Kirche für Muslime- weg mit dem Kreuz!

"Im schwedischen Fernsehen SVT schlug Brunne vor, alle christlichen Symbole aus der Seemannskirche von Freeport zu entfernen und statt dessen durch eine Mihrab die Gebetsrichtung nach Mekka zu kennzeichnen. Der Sinn und Zweck der Übung? Um die „Gefühle“ der andersreligiösen Matrosen und Schiffsreisenden „nicht zu verletzten“ und sie vielmehr einzuladen, die (ehemalige) Kirche zu besuchen.Kath info vom 7.Oktober 2017, vgl auch: Kurier (Chrisliche Mitte) 3/2017 S.4:"Wo der Islam wütet".  Eva Brunne ist nun die Vorzeigelaienbischöfin Schwedens: praktizierende Lesbin und sie brachte gar mit ihrer lesbischen Lebensgefährtin ein Kind zur Welt. Damit möchte das ultraliberale Luthertum eben noch das Wunder der Jungfrauengeburt überbieten: In dieser Pseudokirche zeugen sogar lesbische Paare Nachwuchs. 
Warum nun eine praktizierende Lesberin so enthusiasmiert ist von der Religion des Islam, daß sie aus Respekt vor ihm gleich alle christlichen Symbole aus einer Kirche entfernen will, damit dann in ihr Muslime ungestört beten können, irritiert nur den, der die Tiefen und Untiefen der Politischen Korrektheitsideologie noch nicht gänzlich verinnerlicht hat. Die Förderung des Islam ist eben für diese Lutheraner ein Herzensanliegen. Für orientierungslose Muslime soll deshalb- so der Wunsch dieser Laienbischöfin- in der Kirche die Gebetsrichtung gen Mekka ausgewiesen werden. 

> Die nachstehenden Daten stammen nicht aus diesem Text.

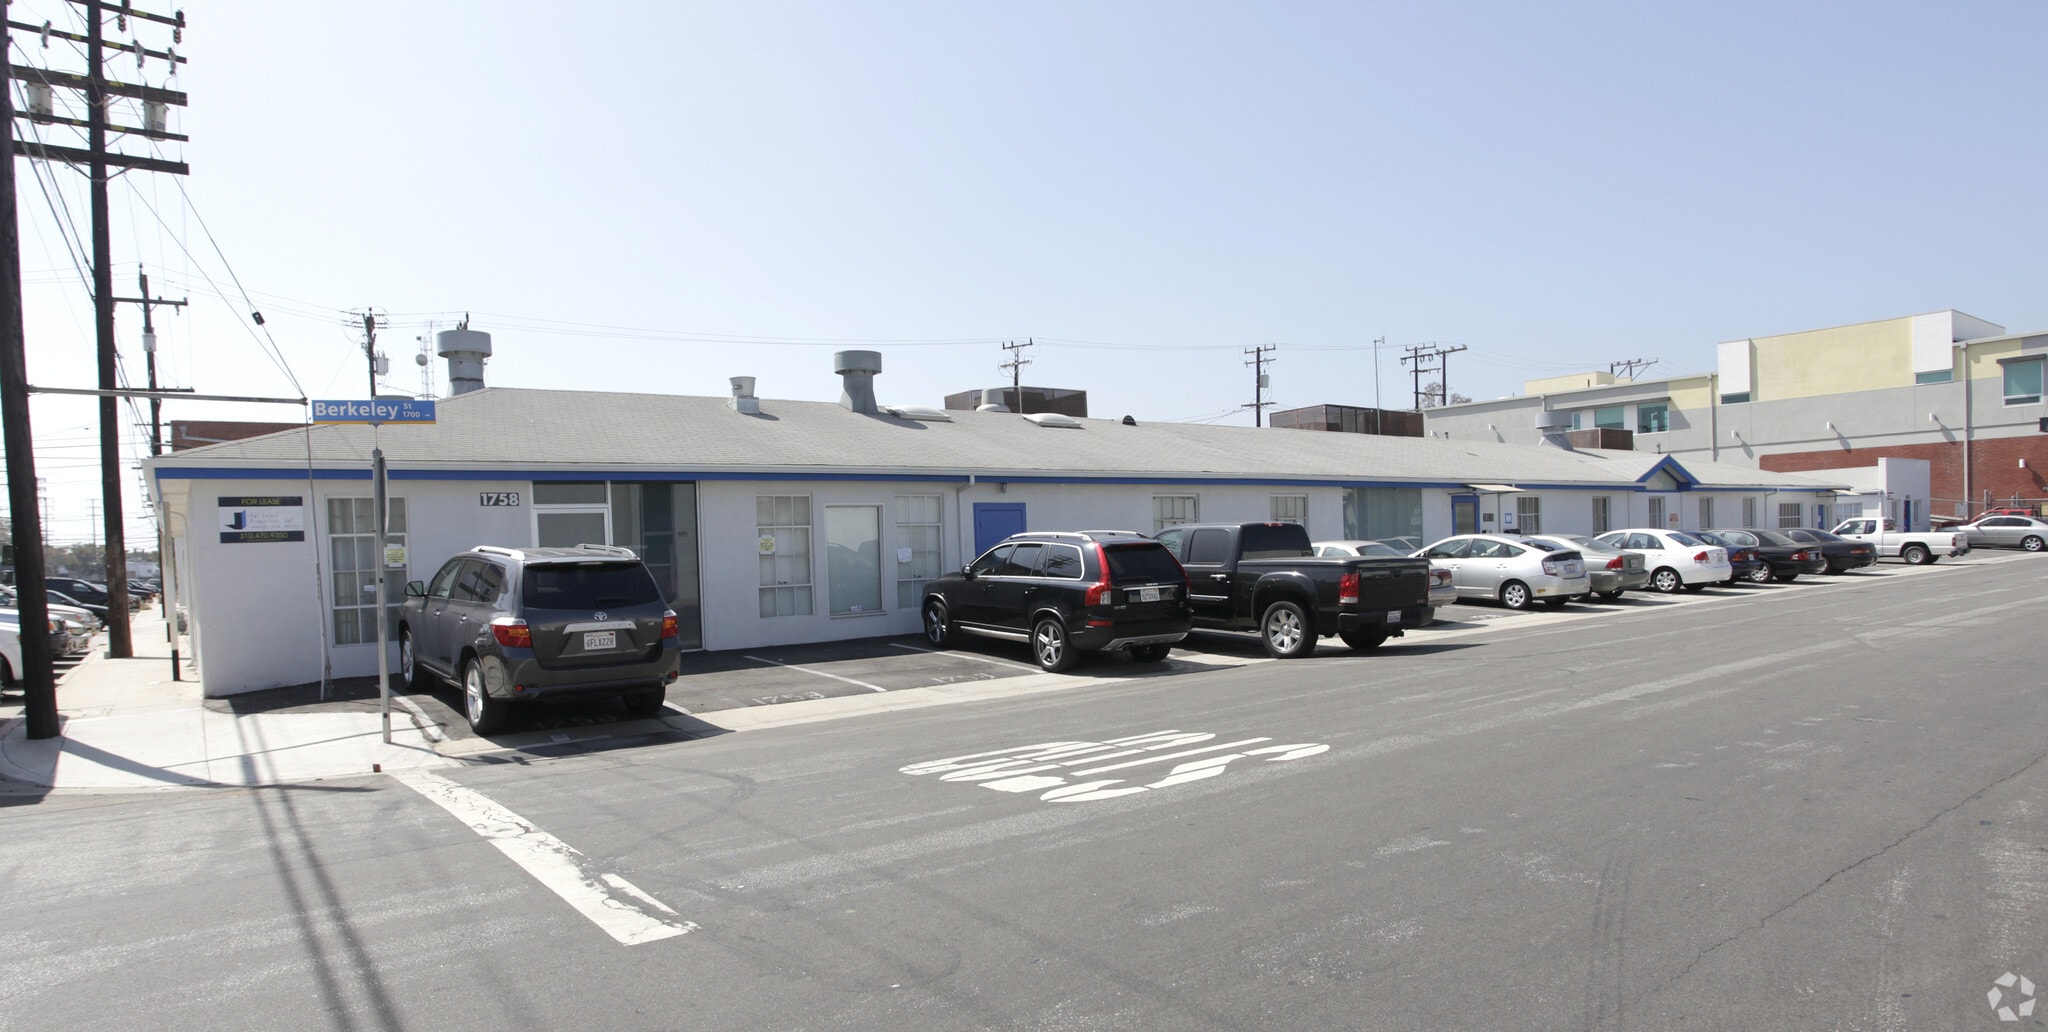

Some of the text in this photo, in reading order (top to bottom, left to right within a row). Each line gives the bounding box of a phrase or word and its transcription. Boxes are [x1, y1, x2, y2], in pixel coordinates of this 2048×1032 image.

[315, 401, 399, 420] Berkeley
[403, 402, 412, 410] St
[481, 493, 519, 506] 1758

Was uns nun tief bewegt, ist doch die Frage, ob der Kreuzesverleugner Kardinal Marx diesen wahrhaft guten Ratschlag aufnehmend die Entfernung aller Kreuze aus den Kirchen seines Bistumes fordern wird: alles aus Liebe zum Islam? Sollten nicht alle Kirchen seinem leuchtenden Beispiel der Kreuzesentfernung folgen, damit unsere christlichen Kirchen zu Bethäusern des Islams  mutieren können?  

Zusatz: Unter heutigen Christen besteht offenkundig weitestegehend ein Konsens darüber, daß unsere vorrangige Aufgabe die der Unterstützung des Islams ist, a) dadurch daß wir Alles vermeiden, was ihn stören könnte (isb das Kreuz Christi) und b) dadurch, daß wir dem Islam in seinem Großprojekt der Islamisierung Europas helfen. Besonders wichtig ist dabei, daß klar gesagt wird, daß der Islam eine, nein die Religion des Friedens ist und daß sie nichts mit dem fälschlich islamistischen Terrorismus genannt Werdendem zu tuen hat. Jede Kritik am Islam ist als rassistisch zu verurteilen. 
Unter Toleranz ist dann zu verstehen, daß der Christ seine Religion nur soweit ausübt, inwieweit er dabei den Muslim in seiner Religiösität nicht gestört fühlt. Da das Kreuz Christi den Nichtgläubigen ein Skandal oder eine Torheit ist, muß dies christliche Symbol isb verborgen werden. Die Toleranz verlangt nun aber auch, daß wir Christen jede Art der Ausübung der islamischen Religion befürworten und uns für eine unlimitierte Ausübung einsetzen.